# LP Smart Siding with Tyvek wrapped frame



## Windows on Wash (Aug 30, 2011)

Where is the home?

Might be a time to upgrade the insulation depending on location and current configuration. 

WRB could go directly over the studs but make sure their are rigid drip caps and flashings at all the windows, doors, seams, etc.


----------



## FamMan (Aug 2, 2015)

We're looking in SC. Yes, it probably needs new insulation. When I said "down to the studs", I meant just a plain frame. I'd like to insulate with spray foam, but haven't gotten that far yet and don't know how the cost compares to R13.

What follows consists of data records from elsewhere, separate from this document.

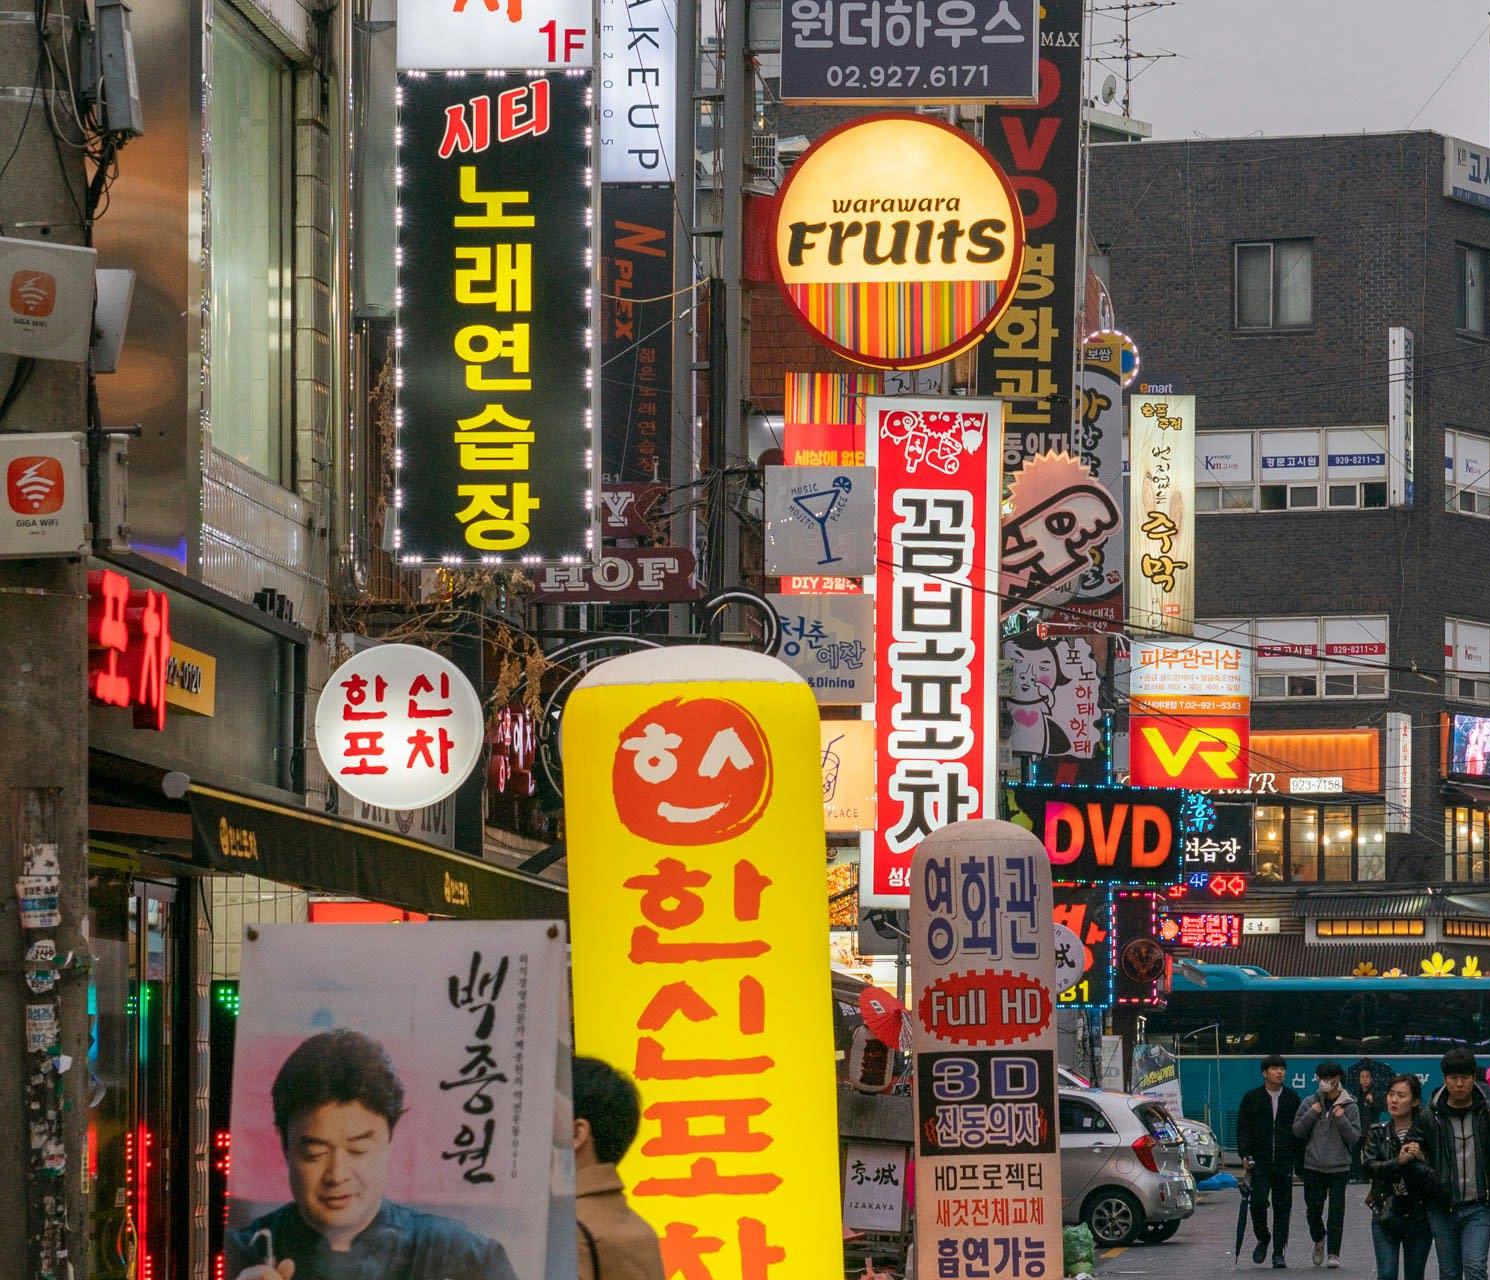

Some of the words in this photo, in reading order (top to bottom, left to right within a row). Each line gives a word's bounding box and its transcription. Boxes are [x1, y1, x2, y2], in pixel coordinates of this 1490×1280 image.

[538, 19, 587, 63] 1F
[790, 0, 1026, 50] 원더하우스
[826, 65, 990, 90] 02.927.6171
[438, 78, 551, 160] 시티
[831, 194, 961, 215] warawara
[614, 258, 634, 342] PLEX
[452, 164, 541, 552] 노래연습장
[1139, 383, 1174, 395] emart
[1335, 455, 1381, 465] 929-8211~2
[790, 484, 818, 497] MUSIC
[1140, 510, 1189, 594] 주막
[791, 576, 820, 590] DIY
[781, 615, 829, 656] 청춘
[816, 639, 866, 670] 예찬
[1333, 645, 1379, 655] 929-8211~2
[1140, 648, 1242, 671] 피부관리샵
[340, 671, 454, 721] 한신
[340, 727, 455, 775] 포차
[1140, 727, 1241, 780] VR
[1291, 778, 1342, 792] 923-7158
[1045, 800, 1174, 869] DVD
[1189, 873, 1208, 888] 4F
[924, 856, 1040, 965] 영화관
[930, 990, 987, 1028] Full
[1001, 987, 1042, 1025] HD
[439, 950, 510, 1185] 백종원
[934, 1102, 1041, 1148] 진동의자
[934, 1162, 1044, 1194] HD프로젝터
[850, 1200, 895, 1212] IZAKAYA
[935, 1195, 1045, 1227] 새것전체교체
[936, 1235, 1046, 1280] 흡연가능

Otherwise, I would consider 4x8 foam sheeting over studs (and under tyvek) before installing the SS.

If I have it down to the studs, I'll change the window openings for standard size vinyl windows with flanges (to save $ over custom) and butt the SS against them. No flashing needed, but drip caps are a must.


----------



## Windows on Wash (Aug 30, 2011)

I see no benefit in SPF (Open cell) over a well air sealed wall and batt insulation. 

If you are removing the T1-11, you will need to check with local code to make sure what sort of bracing it required and if the new siding meets those guidelines. 

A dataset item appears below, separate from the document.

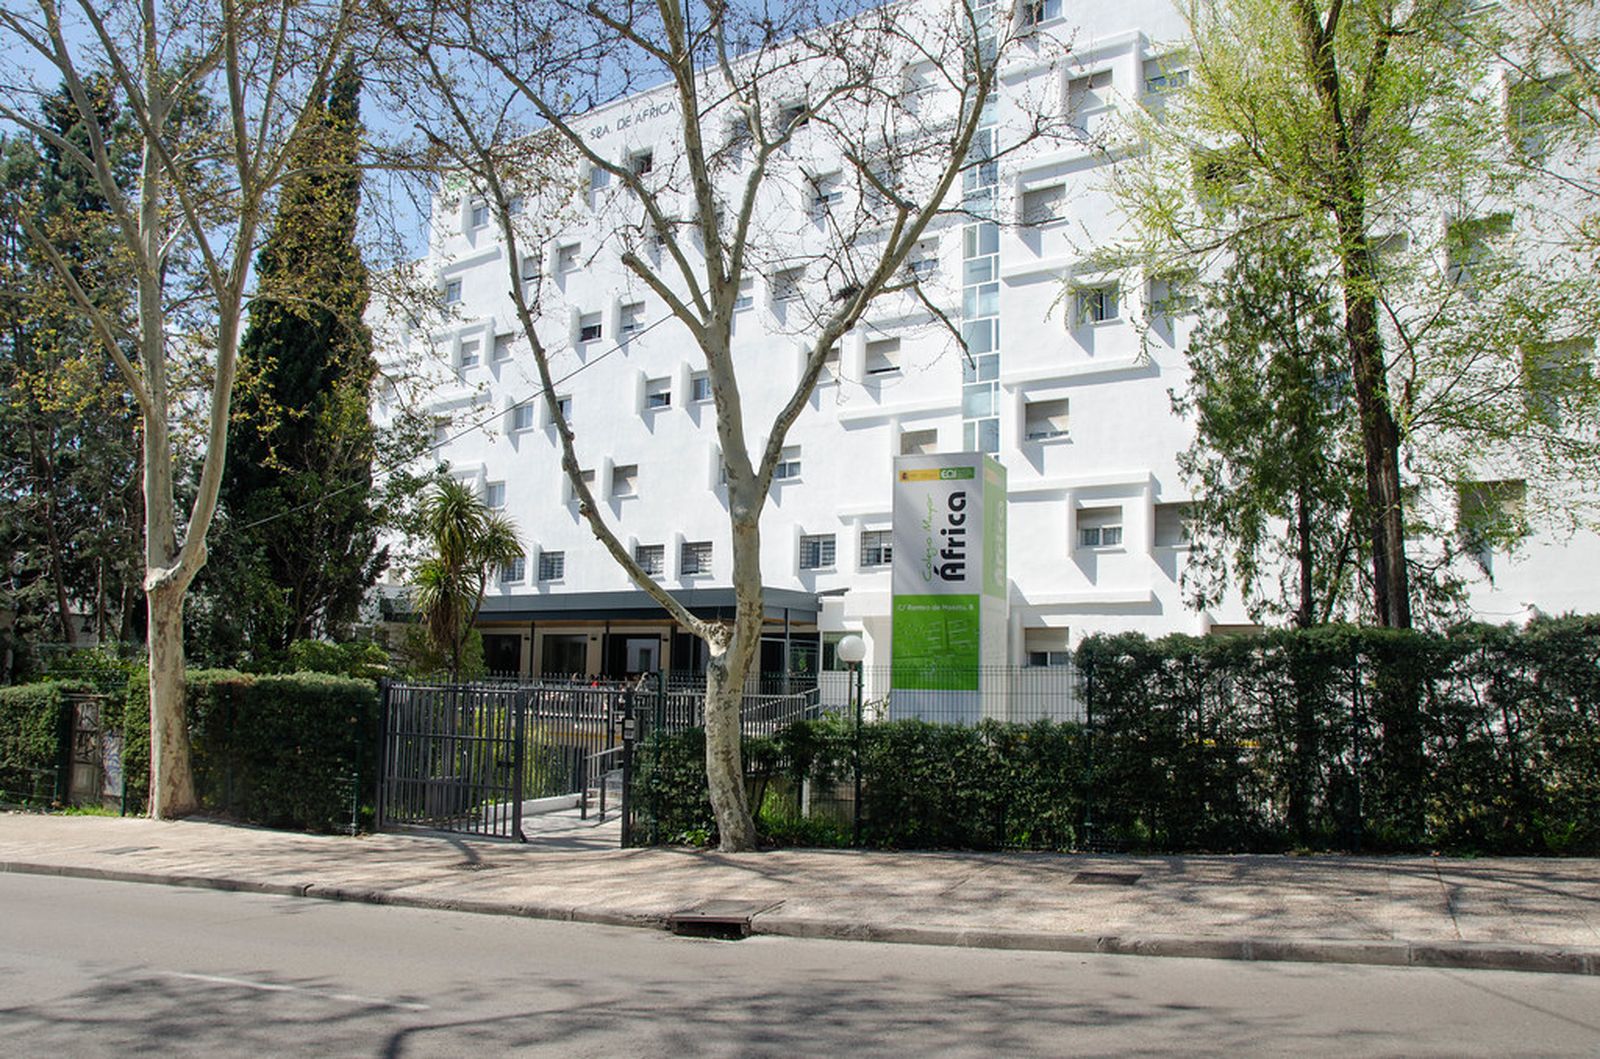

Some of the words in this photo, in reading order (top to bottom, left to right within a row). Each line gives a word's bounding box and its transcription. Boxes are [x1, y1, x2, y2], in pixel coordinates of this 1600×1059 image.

[617, 116, 632, 131] DE
[635, 101, 675, 124] AFRICA
[933, 491, 966, 582] África

What part of SC? Pretty humid down in those parts. What do the interior walls coverings consist of?

Vapor Retarder requirements and placement: http://www.naima.org/insulation-kno...nsulation/insulation-and-vapor-retarders.html

https://energycode.pnl.gov/EnergyCodeReqs/?state=South%20Carolina

Figure out the sheathing and bracing requirements and that will dictate what you can and cannot do sheathing wise. 

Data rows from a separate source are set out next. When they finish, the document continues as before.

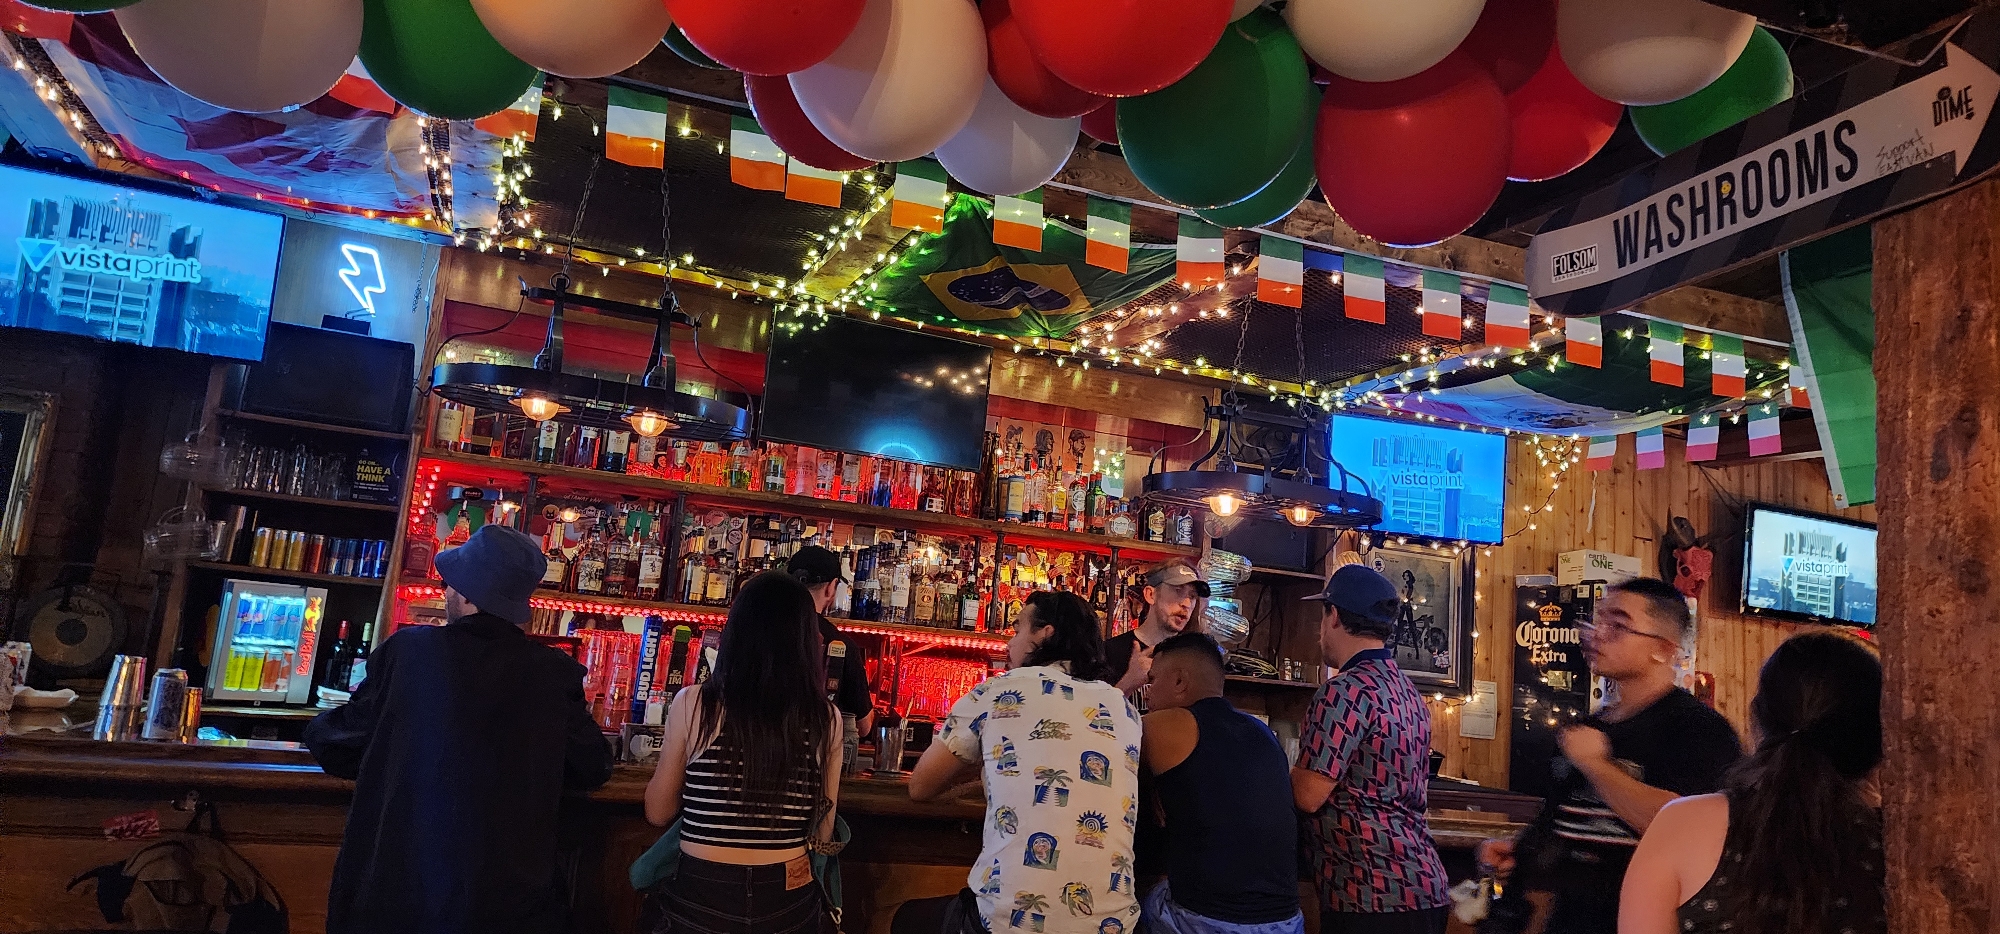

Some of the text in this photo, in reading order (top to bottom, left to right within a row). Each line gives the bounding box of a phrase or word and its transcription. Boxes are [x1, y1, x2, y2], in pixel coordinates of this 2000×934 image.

[1932, 85, 1974, 127] DIME
[1613, 119, 1859, 269] WASHROOMS
[61, 247, 198, 279] vistaprint
[1553, 247, 1597, 276] FOLSOM
[356, 465, 391, 475] HAVE A
[356, 472, 385, 483] THINK
[1392, 470, 1463, 489] vistaprint
[1591, 559, 1614, 570] ONE
[1795, 558, 1848, 576] vistaprint
[1515, 620, 1580, 650] Corona
[296, 631, 316, 676] Red Bull
[636, 628, 659, 701] BUD LIGHT
[1530, 644, 1567, 664] Extra

You can't put foam over the studs (rigid foam) if the sheathing is going to serve as the bracing. It defeats the purpose of the bracing.


----------



## FamMan (Aug 2, 2015)

Thanks. I had seen people mention putting a vapor barrier under drywall (inside of wall), but that ends up being the opposite of what is prescribed for SC. Tyvek is needed on the outside of the wall only.


----------